*** Opening of Records shown ***
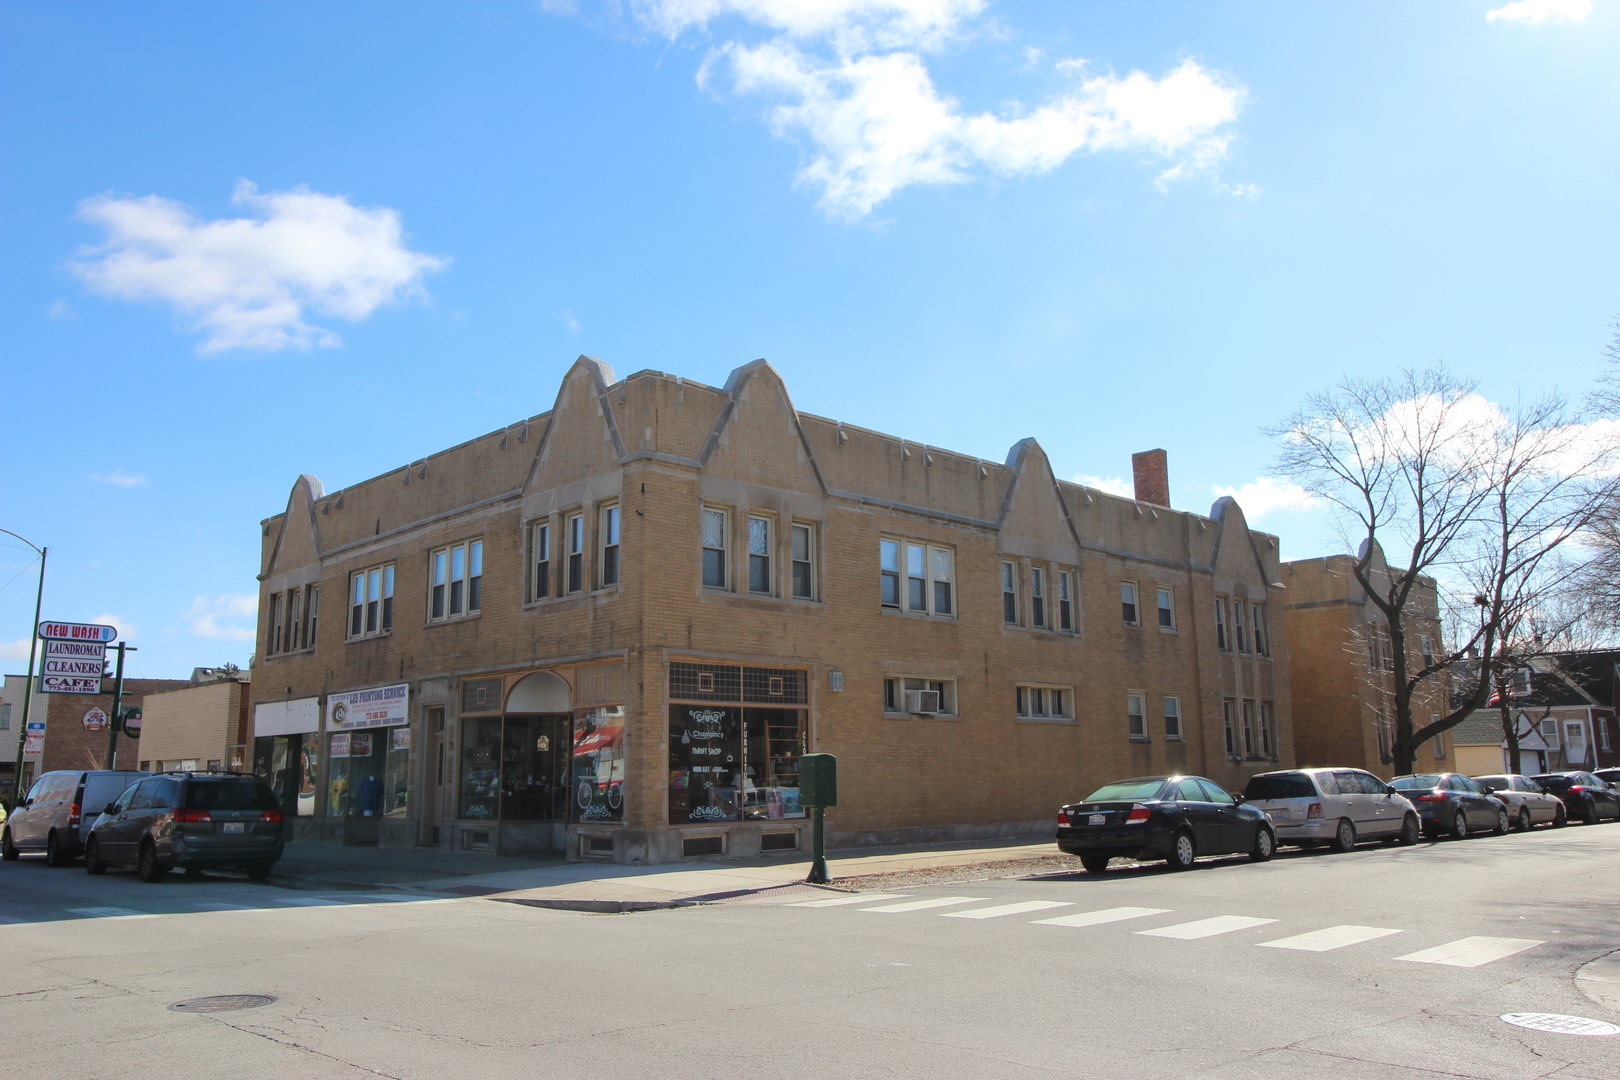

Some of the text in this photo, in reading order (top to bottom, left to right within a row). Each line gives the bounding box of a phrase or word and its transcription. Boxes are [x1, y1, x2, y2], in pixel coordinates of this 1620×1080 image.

[46, 624, 109, 640] NEW WASH U
[48, 642, 103, 656] LAUNDROMAT
[46, 661, 101, 674] CLEANERS
[47, 685, 95, 693] 773-481-1890
[359, 689, 384, 703] PRINTING
[384, 686, 406, 700] SERVICE
[692, 730, 725, 739] Chaplaincy
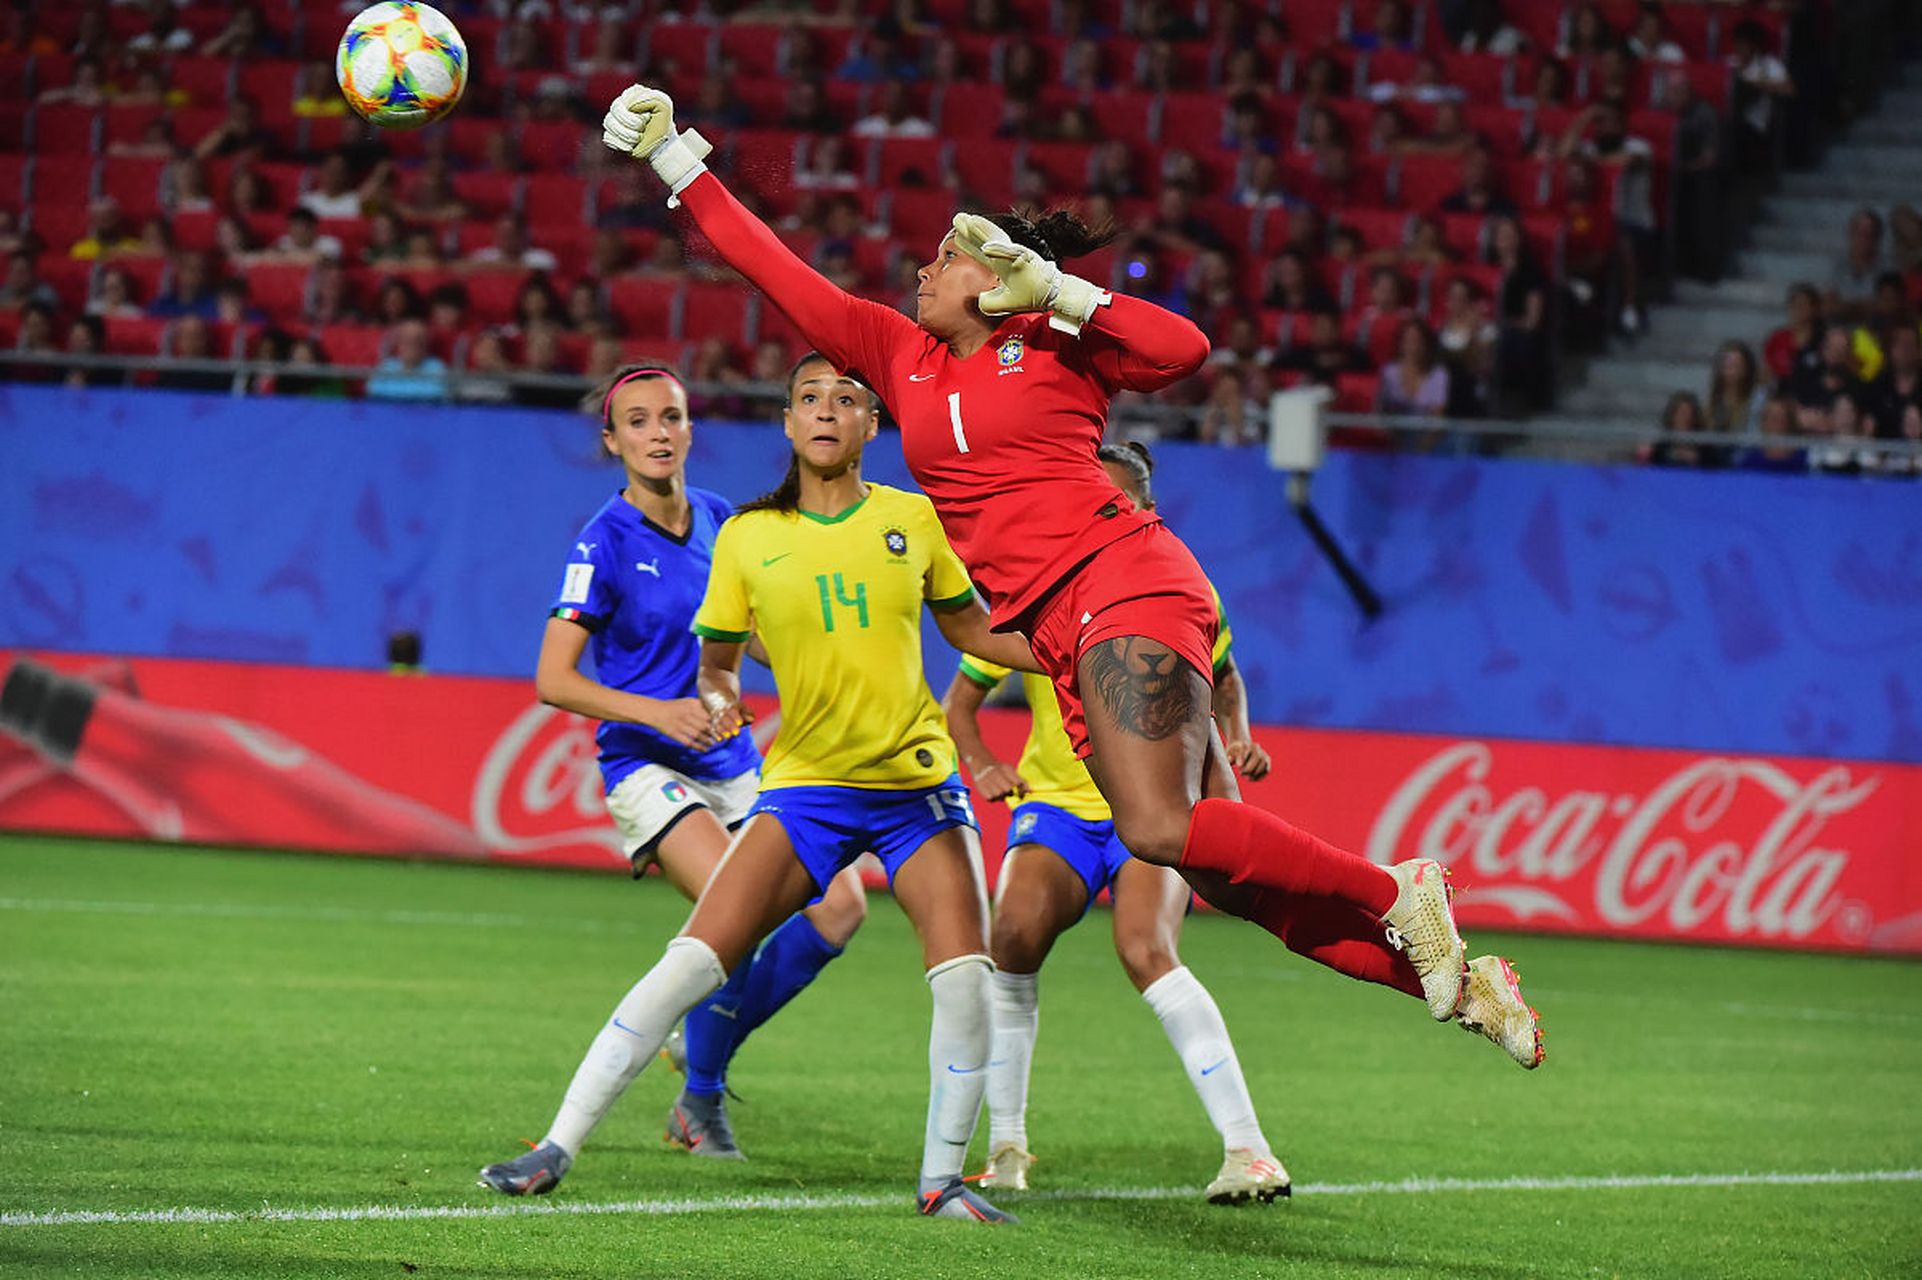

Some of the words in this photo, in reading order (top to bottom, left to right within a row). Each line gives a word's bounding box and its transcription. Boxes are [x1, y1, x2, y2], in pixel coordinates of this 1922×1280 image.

[947, 392, 970, 454] 1
[815, 571, 870, 632] 14
[926, 790, 976, 827] 14
*** Close of Records shown ***
**What is needed**.
Strip out the images, then output the records above word for word.

**Response**.
Some of the text in this photo, in reading order (top to bottom, left to right within a row). Each line gives the bounding box of a phrase or word and its transcription. Boxes are [x1, y1, x2, y2], in pixel coordinates of this 1620×1080 image.

[46, 624, 109, 640] NEW WASH U
[48, 642, 103, 656] LAUNDROMAT
[46, 661, 101, 674] CLEANERS
[47, 685, 95, 693] 773-481-1890
[359, 689, 384, 703] PRINTING
[384, 686, 406, 700] SERVICE
[692, 730, 725, 739] Chaplaincy

Some of the words in this photo, in reading order (top to bottom, left to right within a row). Each line gives a word's bounding box and its transcription. Boxes are [x1, y1, x2, y2], in pixel coordinates of this 1922×1280 image.

[947, 392, 970, 454] 1
[815, 571, 870, 632] 14
[926, 790, 976, 827] 14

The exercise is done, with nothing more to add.